Friday, March 8, 2013

International Women's Day: Women In Languages

As it's International Women's Day, we felt it only appropriate to pay homage to women in languages. Women make up the majority of language students and they're clearly smarter in that respect, as studies seem to show that their brains are just plain better at languages. We could go on and on about the whole hunting versus chatting in caves argument but we'll not bother.

Despite their apparent dominance when it comes to languages, the lexicon and grammar of many languages do not reflect this. In English for example, there are many gender-specific words, especially when referring to jobs and vocations that utilise the male equivalent for mixed plural. When male you can use actor, when female one would use actress (though this is starting to change), and when plural of mixed gender it is still actors. Only when there are only females would the term actresses be used.

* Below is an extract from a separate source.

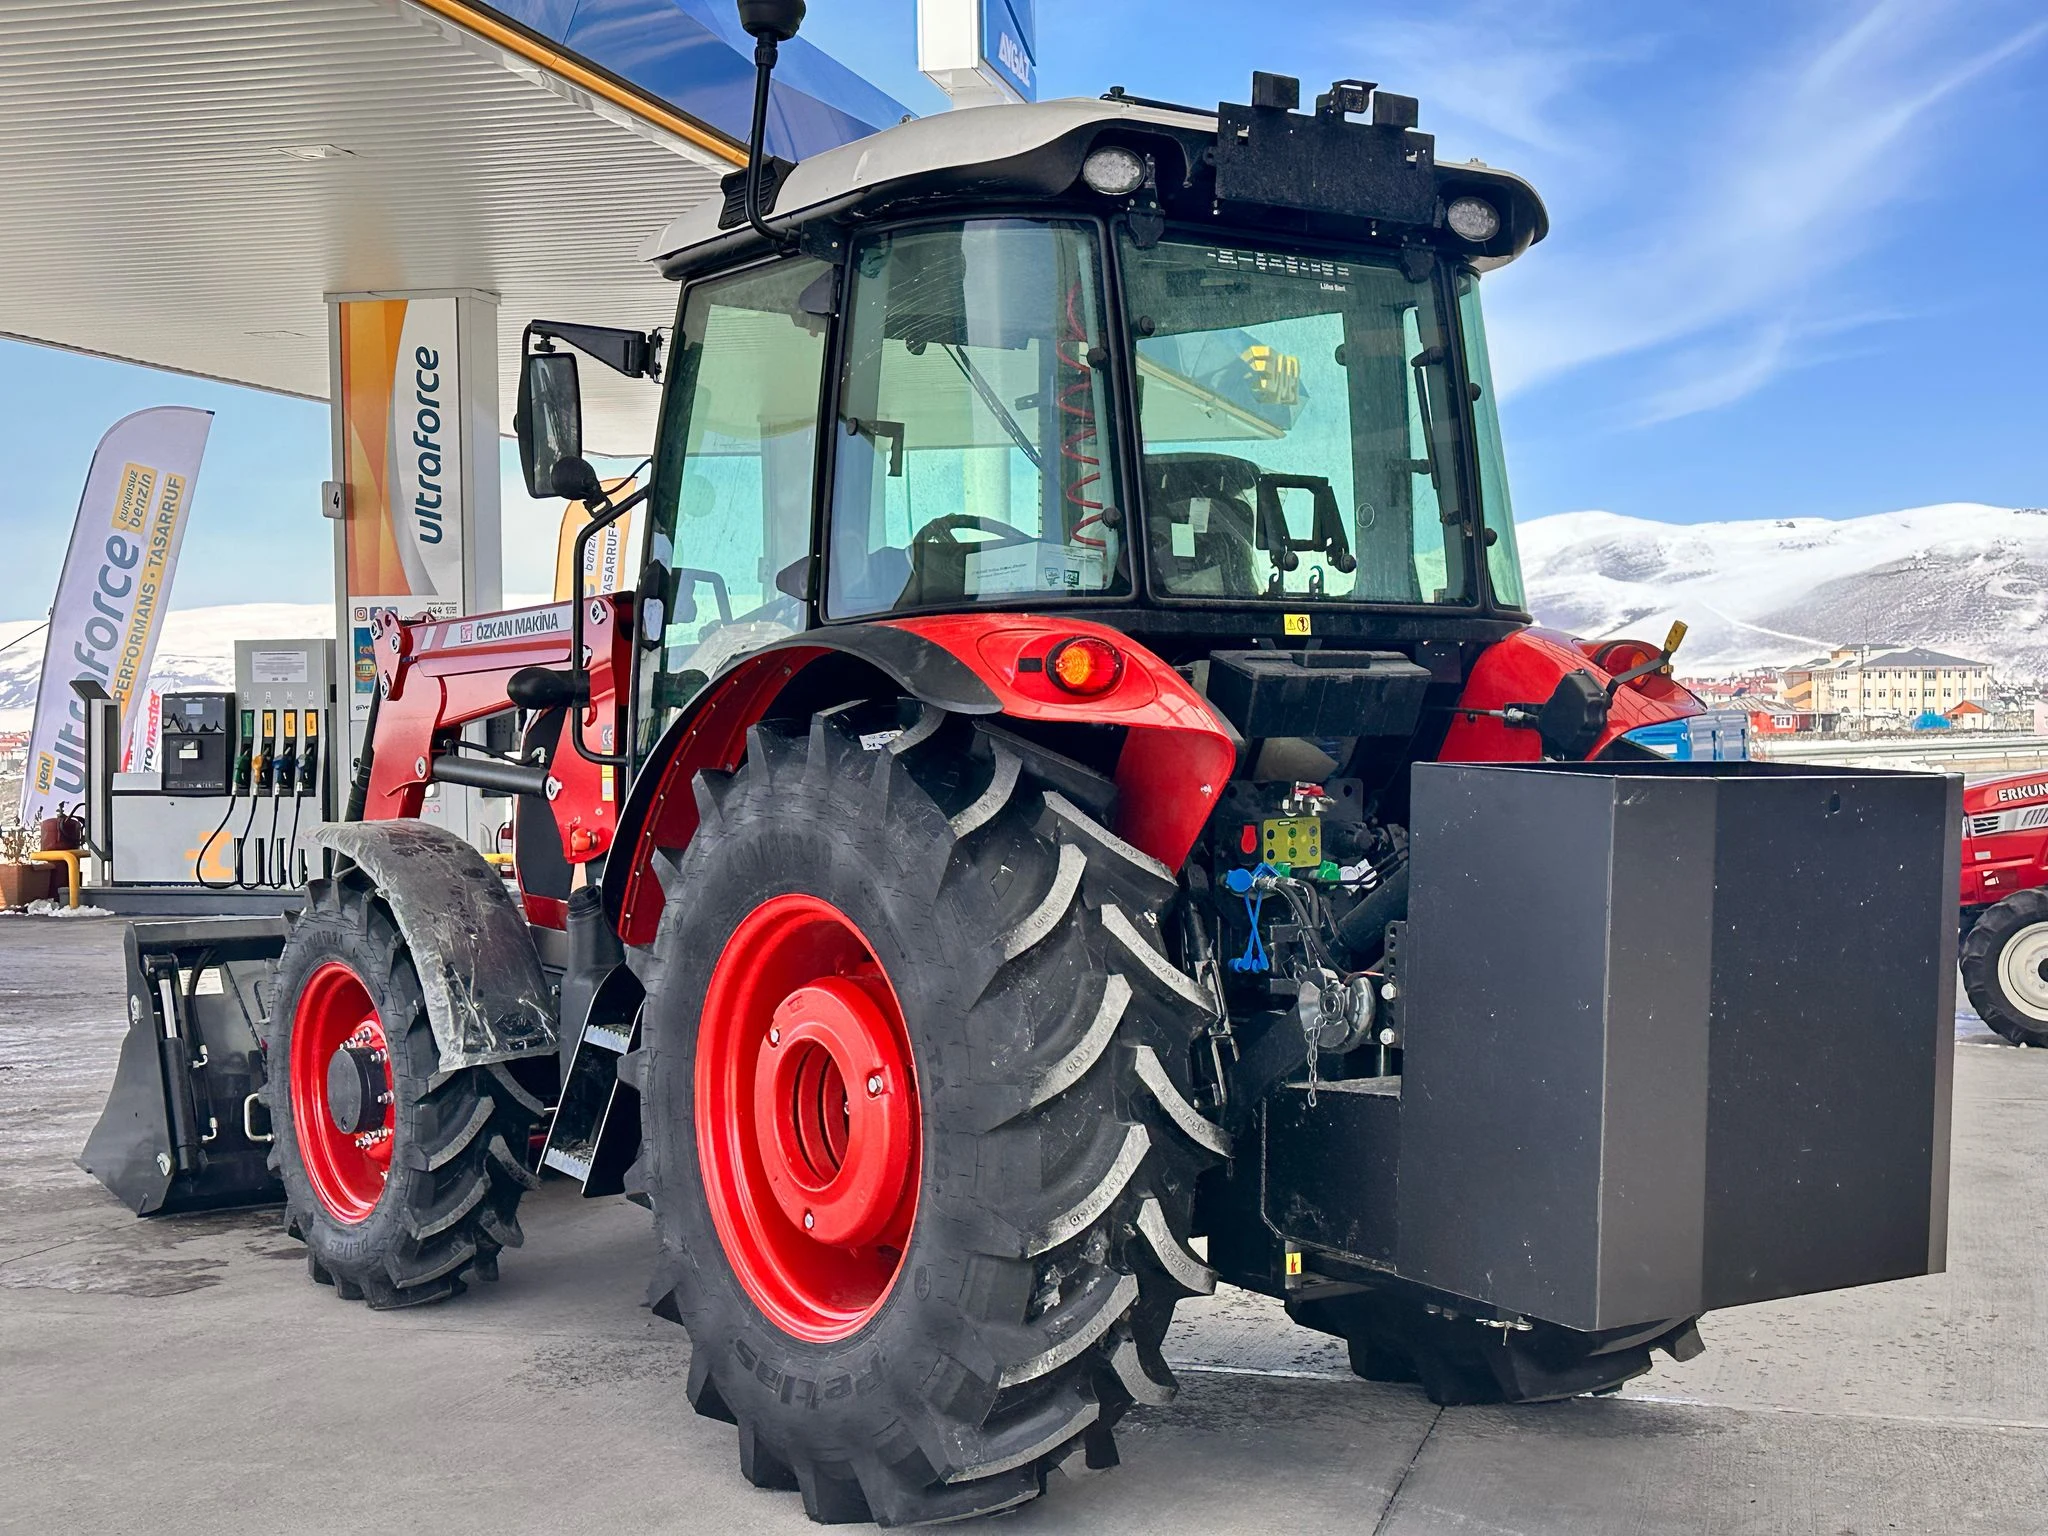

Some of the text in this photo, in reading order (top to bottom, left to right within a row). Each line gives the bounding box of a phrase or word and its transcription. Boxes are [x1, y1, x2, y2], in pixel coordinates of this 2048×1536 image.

The yellow mimosa is often given to women as
a gift throughout Eastern Europe on March 8.
The same goes for languages with grammatical genders. We were often told in French classes that you use the masculine third-person plural ils to refer to groups of males and mixed groups, regardless of the gender ratio. Even when referring to a group of 99 women and 1 man you should still use ils, apparently. The feminine third-person plural elles is only used when a group consists entirely of women.

Though, at least in Britain, the inherent sexism in the language is being addressed by changing words such as chairman and chairwoman to gender-neutral chairperson. Despite these measures, the lexical prescriptivism exhibited can feel odd and unnatural.

We're not particularly fond of linguistic prescriptivism and feel that languages can be left to their own devices. They have managed to survive for ages without governing bodies and the proverbial grammar nazis. Referring to the human race as man and mankind doesn't bother us too much solely because person and personkind sound stupid.

So, for today, don't man up, woman up.